RIM Presents Another Addictive Quality for BlackBerry at CES

By: Lee Rickwood

January 10, 2010

As if you CrackBerry users needed one, there’s now another hook to the popular smart phone.

Sitting in-between a BlackBerry and a data or video projector, the new BlackBerry Presenter is a wireless device that lets you deliver PowerPoint presentations from your RIM smartphone.

You can walk about a presentation setting freely, moving some 30 feet from the devices, all the while maintaining control over basic PowerPoint presentation controls. You can navigate through a presentation, view your speaker notes, loop slides sequences and check the info from one slide while you’re projecting another.

The Presenter also supports NTSC (standard def) and PAL (international standard) video, via S-Video or VGA cable connections. A Micro USB port provides power.

RIM_BlackBerry_Presenter_2

RIM BlackBerry Presenter

RIM even says its new gadget will work with other smartphones, as long as wireless connectivity (Bluetooth Version 2.0 + EDR, Class 1.5) and processing horsepower are adequate.

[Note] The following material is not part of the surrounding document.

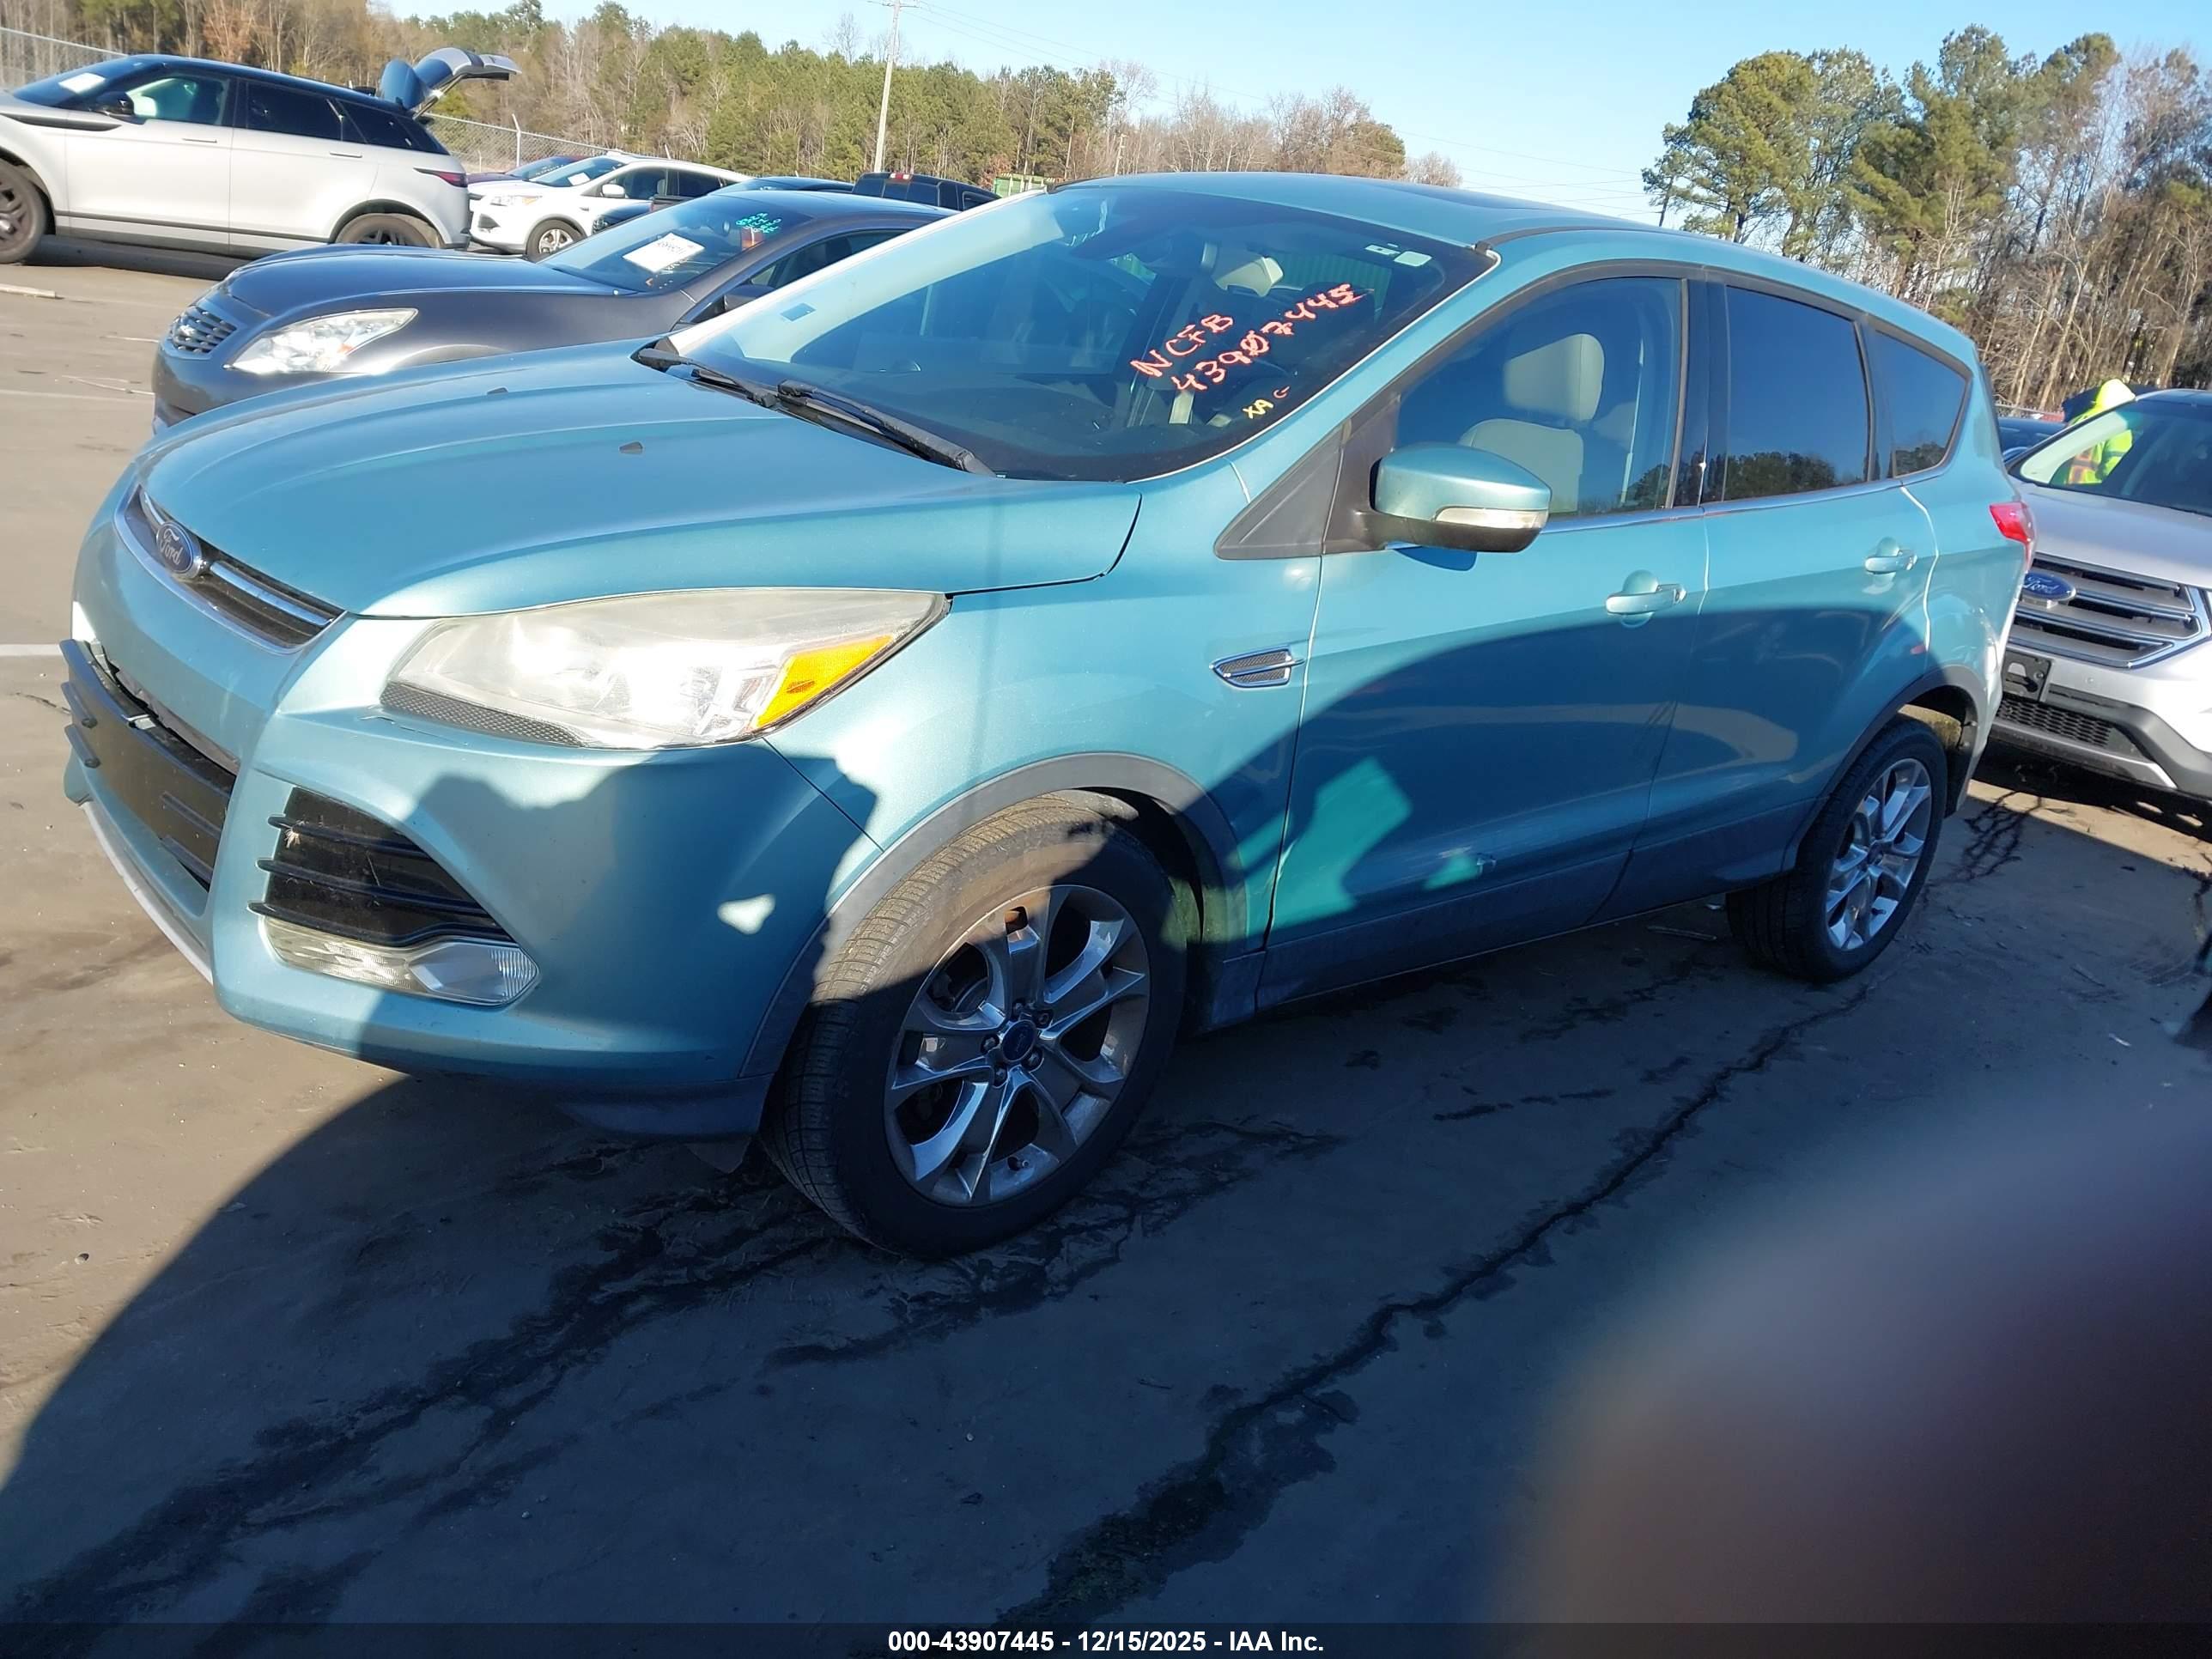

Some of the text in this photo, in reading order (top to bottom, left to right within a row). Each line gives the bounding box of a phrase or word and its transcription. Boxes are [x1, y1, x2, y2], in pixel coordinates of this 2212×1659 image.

Research In Motion (RIM) introduced its BlackBerry Presenter and demo’d the device at CES last week; no specific date for availability has been announced, but the pricing has – $199 from ShopBlackBerry.com.

Eventually, it will be available at authorized dealers and retail stores.

In the meantime, of course, there are and have been similar such devices on the market for some time.

The ShowMate from Impacta, for example, is also an easily transportable (3.5″ x 2.5″ x 1″ vs. 3.4″ x 2.4″ x 0.9″ for the Presenter) way to project PowerPoint with a smartphone, including certain BlackBerry, Palm, Windows Mobile and Sony Ericsson devices. ShowMate is a wired solution, however (coming with a 10 ft cable), and its output is limited to SVGA (800×600) resolution.

As such, it suffers in comparison — the Presenter’s supported display resolutions go up to XGA (1024×768); the regular options VGA (640×480) and SVGA (800×600) as well —  and its recommended online price of $250 doesn’t help.

Impacta has its own software for converting PowerPoint files into a more highly-compressed format, which lets you use not only a smartphone for a delivery platform, but a PC as well, with e-mail and Internet-based presentation options.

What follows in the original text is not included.